■ Exercise:
Only the lines from the one with "this 1689×1127 image." onward are wanted, through the last line of the entries, set down exactly.

=== Section Start ===

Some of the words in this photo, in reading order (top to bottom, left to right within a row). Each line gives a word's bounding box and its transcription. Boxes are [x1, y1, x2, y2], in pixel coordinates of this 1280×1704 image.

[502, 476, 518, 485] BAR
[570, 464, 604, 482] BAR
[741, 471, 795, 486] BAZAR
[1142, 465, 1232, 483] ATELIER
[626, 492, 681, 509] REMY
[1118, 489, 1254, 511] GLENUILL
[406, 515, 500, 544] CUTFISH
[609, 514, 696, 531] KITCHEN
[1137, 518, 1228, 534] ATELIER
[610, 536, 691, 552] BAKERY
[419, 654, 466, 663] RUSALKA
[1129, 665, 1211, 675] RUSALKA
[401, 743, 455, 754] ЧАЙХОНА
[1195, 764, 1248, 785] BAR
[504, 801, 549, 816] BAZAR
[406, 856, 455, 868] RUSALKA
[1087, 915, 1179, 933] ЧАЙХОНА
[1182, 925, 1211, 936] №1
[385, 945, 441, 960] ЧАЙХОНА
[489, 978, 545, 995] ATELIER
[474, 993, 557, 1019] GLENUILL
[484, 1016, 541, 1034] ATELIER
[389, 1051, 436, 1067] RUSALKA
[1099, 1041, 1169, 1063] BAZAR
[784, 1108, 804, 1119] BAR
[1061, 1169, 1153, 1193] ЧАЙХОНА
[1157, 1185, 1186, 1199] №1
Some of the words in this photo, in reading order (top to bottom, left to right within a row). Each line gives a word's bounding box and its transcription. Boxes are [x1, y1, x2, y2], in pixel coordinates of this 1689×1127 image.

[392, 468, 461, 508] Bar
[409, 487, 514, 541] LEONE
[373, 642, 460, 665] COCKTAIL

=== Section End ===

■ Exercise answer:
Some of the words in this photo, in reading order (top to bottom, left to right within a row). Each line gives a word's bounding box and its transcription. Boxes are [x1, y1, x2, y2], in pixel coordinates of this 1689×1127 image.

[392, 468, 461, 508] Bar
[409, 487, 514, 541] LEONE
[373, 642, 460, 665] COCKTAIL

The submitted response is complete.